The Pity and the Glory of It All

Romanian troops in Transylvania

Romanian troops entering Transylvania, November 1918. Courtesy of Wikimedia


The end of war commemorations in the UK and other western countries has little bearing on the feelings and historic memories of the Central and Eastern European states

At the eleventh hour on the eleventh day in the eleventh month, the guns fell silent throughout Europe, and the historic reckoning about the significance of the ‘Great War’ – that war-to-end-all wars – started. ‘The ending, in its ferocity, bloodiness, and uselessness, contained the entire war in microcosm. The fighting went on for the hollowest of reasons: no one knew how to stop it’, an American historian pointed out decades later, summing up what, for the generations which followed that frosty winter day of 1918 continues to be the prevailing view of the First World War.

But this is a very western perception. For in the eastern half of the European continent, 11 November 1918 is remembered not as the day when wholesale carnage ended, but the moment when the real fight only begun. It was a bitter, heroic fight which marked the historic experience of that region forever, and which contains some useful lessons that are as relevant today as they were a century ago.

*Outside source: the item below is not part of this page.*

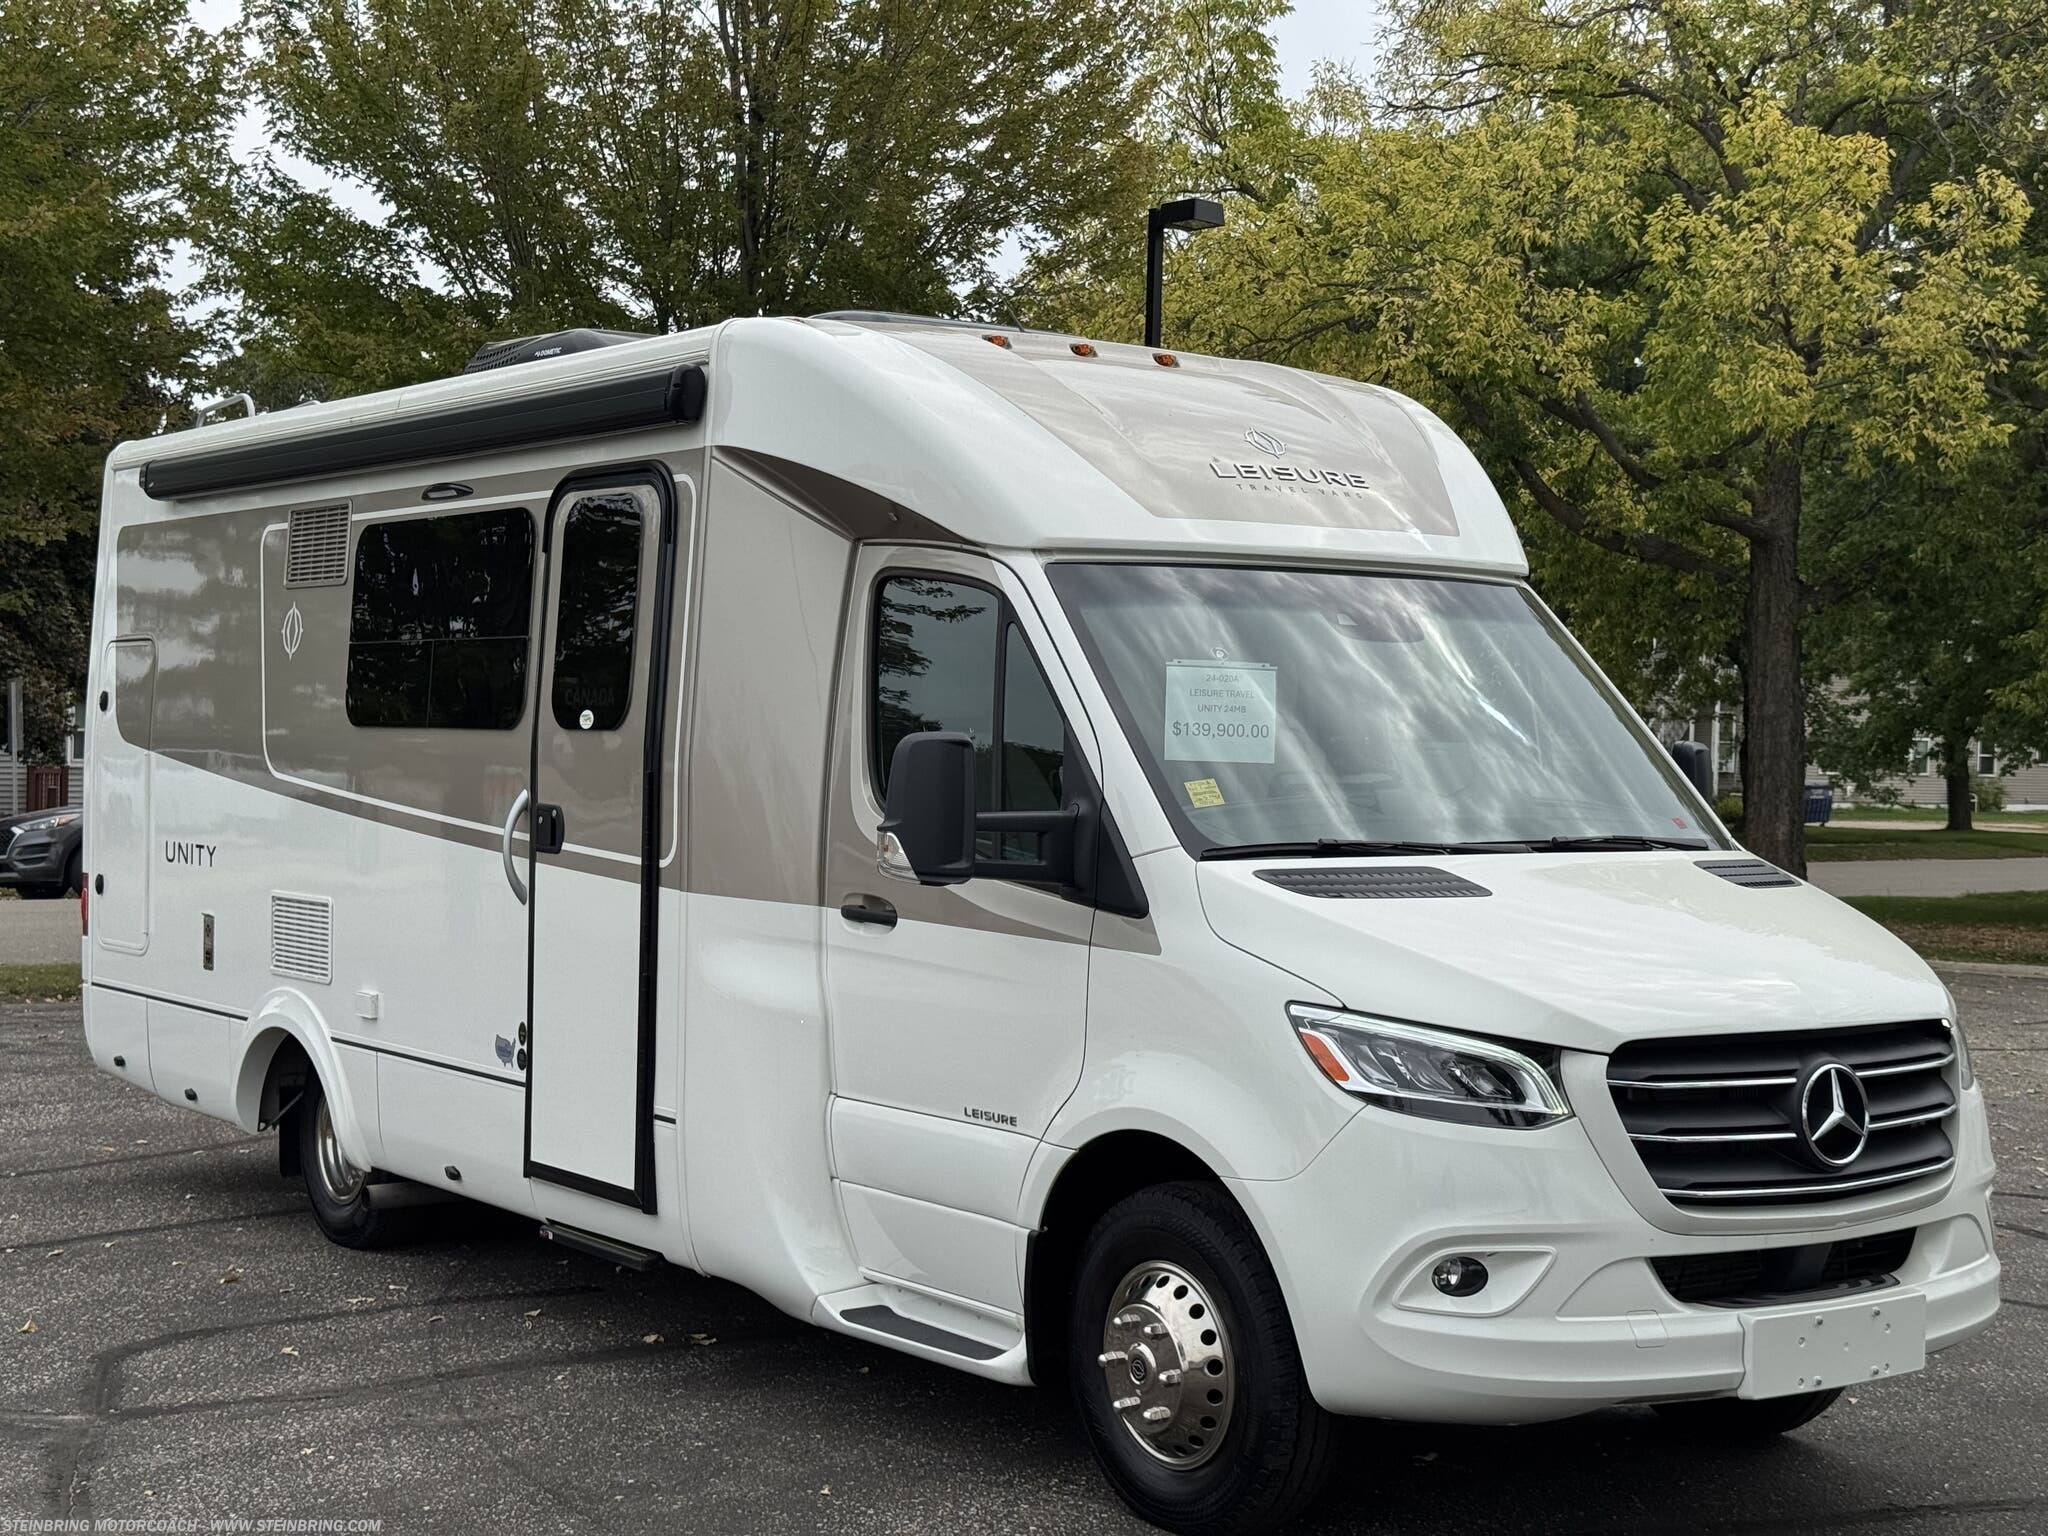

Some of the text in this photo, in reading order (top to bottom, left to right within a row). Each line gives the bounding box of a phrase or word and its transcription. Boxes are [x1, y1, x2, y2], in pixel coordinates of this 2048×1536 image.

It is crucial to recall that, while the preoccupation of British politicians on Armistice Day was to rejoice for a few hours and then run to the hustings for a new general elections – the so-called Coupon Elections which took place the subsequent month in 1918 – and while politicians in France were busy preparing schemes to ensure that Germany was kept prostrate forever, the leaders of every Central and Eastern European country were fighting for the survival of their own countries.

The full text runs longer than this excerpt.